Volunteers working on Bronze Age boat at the National Maritime Museum, Cornwall (copyright of Andrew Stagg)

Bronze Age boat project reaches milestone

The University of Exeter’s ambitious prehistoric boat building project has reached a milestone with the laying of the keel, which forms the backbone of the vessel. Visitors to the National Maritime Museum Cornwall witnessed this significant moment.

The ‘laying down of the keel’ is a momentous event in the construction of any boat and is a significant development in the archaeological experiment to build a full size 16-metre-long replica Bronze Age boat based on the oldest remains ever found in Europe.

Andy Wyke, boat collections manager at National Maritime Museum Cornwall said: “4,000 years ago the keel was part of a jigsaw of very complex technology, today the process looks basic. However, our exhibition and project allows you to go back in time to the Bronze Age, to view the tools that are being used to create the boat and see the methods and skills being adopted. Once you have absorbed the history and heritage of what’s happening before your eyes, you can’t help but admire the innovation and draw breath at the sheer scale of the operation, then and now.”

The collaborative project between the University of Exeter and the National Maritime Museum Cornwall, to build the oldest replica of a Bronze Age sewn-plank boat, is being led by Professor Robert Van de Noort and funded by the Arts and Humanities Research Council (AHRC). One of the world’s leading experts in Bronze Age period boats, University of Exeter archaeologist, Professor Van de Noort is heading up the project and getting hands-on with the boat build.

Professor Van de Noort said: “It’s one thing to know of the processes behind the evolution of these boats but it’s another to actually get to grips with the tools and learn the skills used to create them. Spending time working with the teams on the construction has led to a new level of discovery and we’re all looking forward to exploring the next chapter in this first for investigative archaeology.”

A team of 30 volunteers from around the globe, led by professional boat builder, Brian Cumby, form just some of the team behind this first ever archaeological experiment.
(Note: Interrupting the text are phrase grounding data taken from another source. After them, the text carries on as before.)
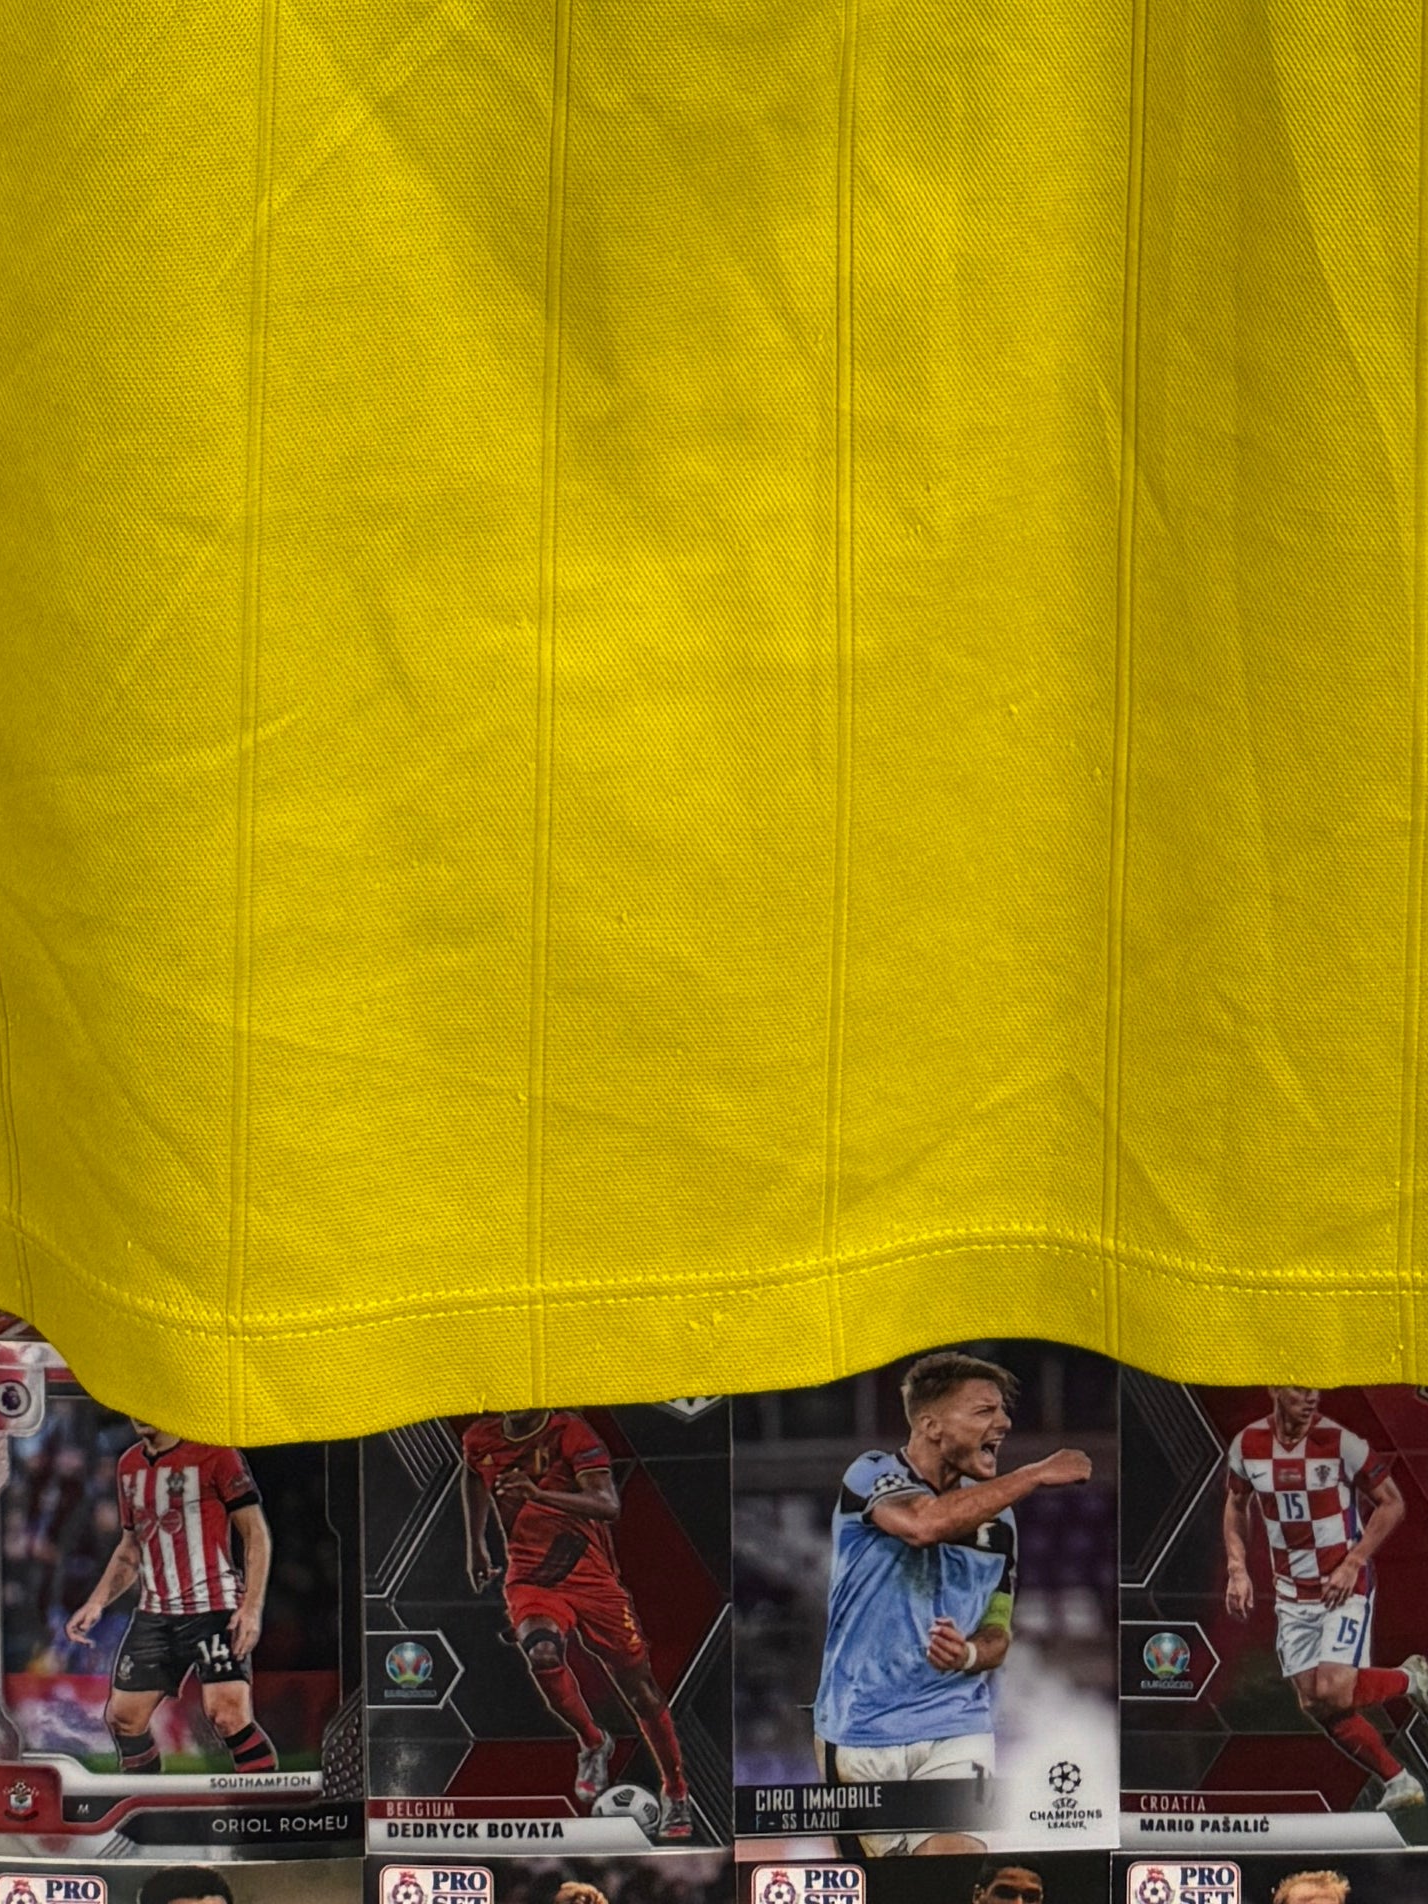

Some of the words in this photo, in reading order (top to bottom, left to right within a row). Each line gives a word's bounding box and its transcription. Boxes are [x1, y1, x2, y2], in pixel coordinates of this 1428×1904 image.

[1282, 1491, 1305, 1522] 15
[1336, 1615, 1359, 1645] 15
[197, 1637, 230, 1664] 14
[209, 1774, 313, 1790] SOUTHAMPTON
[755, 1789, 798, 1812] CIRO
[802, 1785, 882, 1810] IMMOBILE
[1140, 1795, 1206, 1813] CROATIA
[386, 1800, 455, 1818] BELGIUM
[1029, 1808, 1103, 1821] CHAMPIONS
[211, 1815, 275, 1835] ORIOL
[279, 1814, 350, 1834] ROMEU
[802, 1812, 841, 1829] LAZIO
[1139, 1817, 1195, 1834] MARIO
[1199, 1813, 1271, 1835] PAŠALIĆ
[386, 1821, 481, 1841] DEDRYCK
[487, 1821, 565, 1841] BOYATA
Individuals from Norway, Turkey, France and, more locally, Cornwall have poured hours of work into getting the oak to this stage.
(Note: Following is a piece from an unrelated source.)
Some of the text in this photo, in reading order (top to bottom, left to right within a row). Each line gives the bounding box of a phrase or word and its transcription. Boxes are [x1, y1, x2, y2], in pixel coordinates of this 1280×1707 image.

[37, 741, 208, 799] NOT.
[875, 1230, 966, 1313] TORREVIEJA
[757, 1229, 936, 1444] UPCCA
Brian Cumby, Project Manager, says: “We’re a third of the way there and I’ve lost pounds in body weight. We’re re-enacting history, achieving something that has never been done before and this live reconstruction allows us to find out more about the processes behind building a sewn-plank boat, to examine the seaworthiness of such vessels and to understand how it was built and sailed.

“Now the process begins of splitting logs, making planks, using fibres from the branches of yew trees and stitching the planks. As we edge closer to the end of the build, we’ll be using moss to stop any leaking before launching the full scale prehistoric replica on Falmouth’s waters at the end of September.”

2012BC Cornwall and the Sea in the Bronze Age exhibition is open until 30 September with the launching of the replica vessel forming the finale of the project. A two-day conference will follow discussing the observations made during the build with a host of experts on the Bronze Age from across Europe.